While for temperature the trends are almost uniform amongst the regions and agree well between the different data sets, the indicated trends for precipitation differ by region and data set (Fig. 7a). The observational data sets do not agree on a past trend in precipitation, with ERA5 not showing an increasing trend in the Sahel. According to other literature (Biasutti 2019; Kothe et al. 2014; Roehrig et al. 2013), seasonal precipitation amounts have partially recovered since the droughts of the 1970s and 1980s, supporting the increasing trend shown by CHIRPS and W5E5 in the Sahel. Reanalysis data was found to be unsuitable for the investigation of trends (Bengtsson et al. 2004; Thorne & Vose 2010; Trenberth et al. 2008) and large differences in local trend patterns in West Africa have been detected amongst reanalysis products and in comparison with observations (Quagraine et al. 2020). Also, Gleixner et al. (2020) have found opposing trends in ERA5 temperature and precipitation trends on the African continent compared to other observational datasets. When excluding the ERA5 data set, the other two observational data sets agree on an increasing trend in the Sahel and detect partially opposing trends that are not significant in the other two regions. Despite excluding ERA5 for its known limitations in reproducing past trends, the differences in the other data sets point to uncertainties in past trends.

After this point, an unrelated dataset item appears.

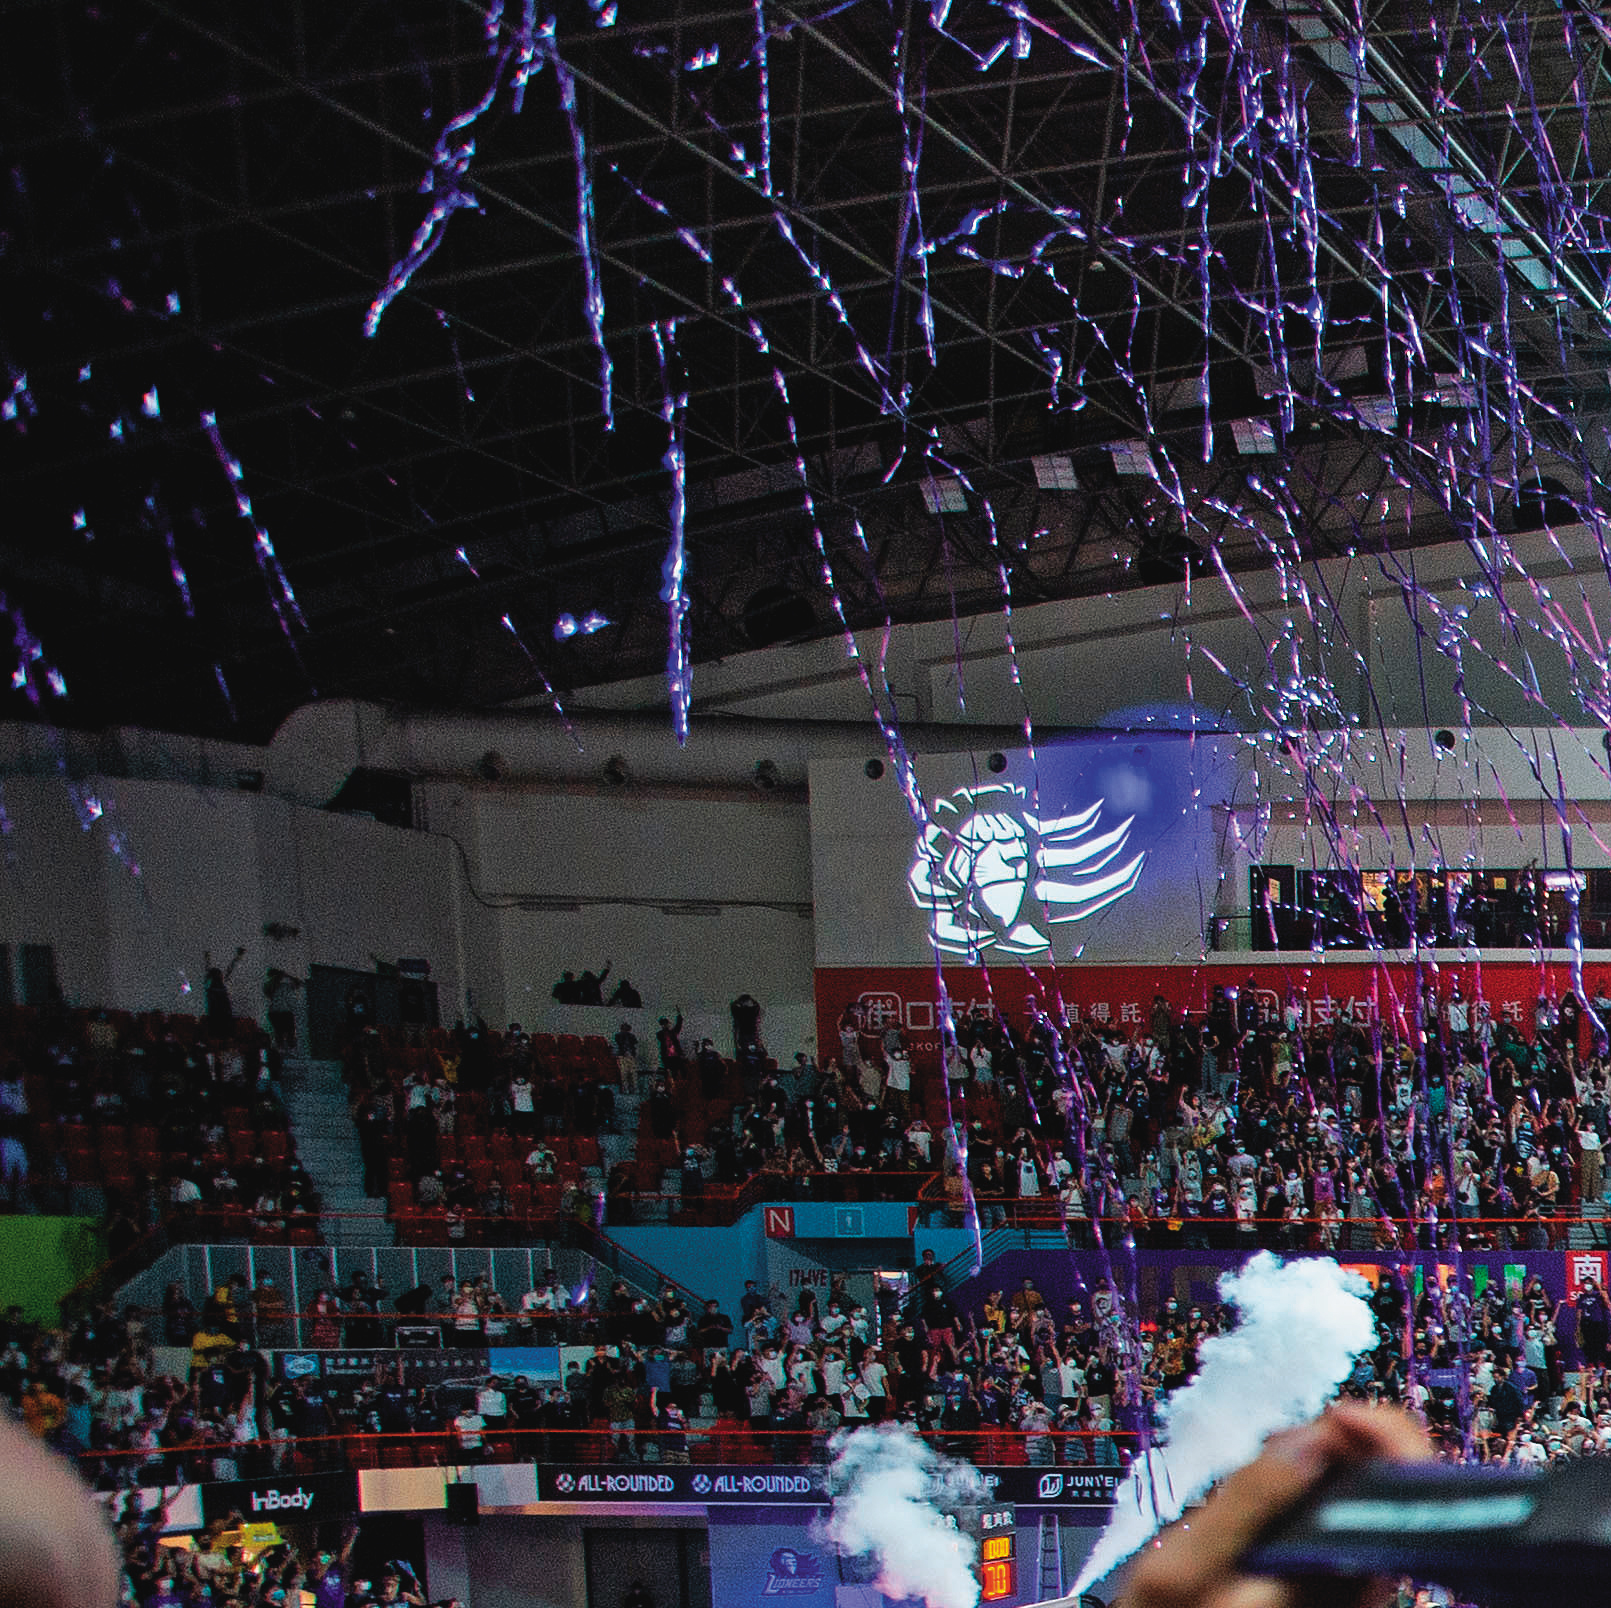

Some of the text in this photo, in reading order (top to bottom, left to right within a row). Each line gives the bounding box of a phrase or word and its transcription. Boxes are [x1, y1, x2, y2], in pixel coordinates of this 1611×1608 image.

Six out of the ten models agree on the increasing trend in the Sahel. In disagreement with W5E5, nine out of ten models simulate a past increasing precipitation trend in the Savanna. The inability to correctly represent the precipitation trend in the Savanna might be due to the rain belt being placed too far south in most models.

3.2 Representation of agroclimatological indices in the bias-adjusted GCMs

3.2.1 Performance over West Africa

We have clearly shown that the CMIP6 data has strong biases and can simulate the climatology in West Africa, not to the extent that it is suitable for agricultural impact modelling. Thus, a bias-adjustment of the data is necessary before it can be adequately used for crop modelling as has been done in the ISIMIP project. The bias-adjustment adjusts the distribution of temperature and precipitation and therefore also its long-term averages and variability of the climate simulations in CMIP6 to the W5E5 dataset. Taylor diagrams (Fig. 8) compare the agreement between CMIP6 data, bias-adjusted ISIMIP3b data and observational data sets with one another. Since the bias-adjusted data sets are on a different grid, the data displayed in one single Taylor diagram is not completely comparable. Nevertheless, the Taylor diagrams clearly show that the bias-adjustment done as part of the ISIMIP project leads to a spatial distribution of mean historical climate data that is very close to the W5E5 data set which was used for the bias-adjustment. This does not allow a clear conclusion on the agreement of ISIMIP3b data with the real climate as the observational uncertainty was shown to be high over the region. For example, as W5E5 might have a strong wet bias over Gabun, the bias-adjusted climate models inherit this bias. As the bias-adjusted data sets agree much better with one another than the observational data sets, we can see that the choice of the observational data set has a high influence on the bias-adjusted data as has also been highlighted by Famien et al. (2018) and Gampe et al. (2019).

Fig. 8
figure 8

Taylor diagram showing the agreement of a monthly precipitation and b monthly temperature over West Africa. Displayed are the CMIP6 data sets (circle), the 10 bias-adjusted ISIMIP3b data sets (star) and the three observational data sets (square) in reference to the W5E5 data set. The Taylor diagram displays the spatial (each grid point) combined with the temporal (12 months) agreement based on three statistics: (1) the Pearson correlation coefficient (azimuthal angle), the root-mean-square error (distance to the centre point) and the standard deviation (radial distance from the origin, normalised to 1)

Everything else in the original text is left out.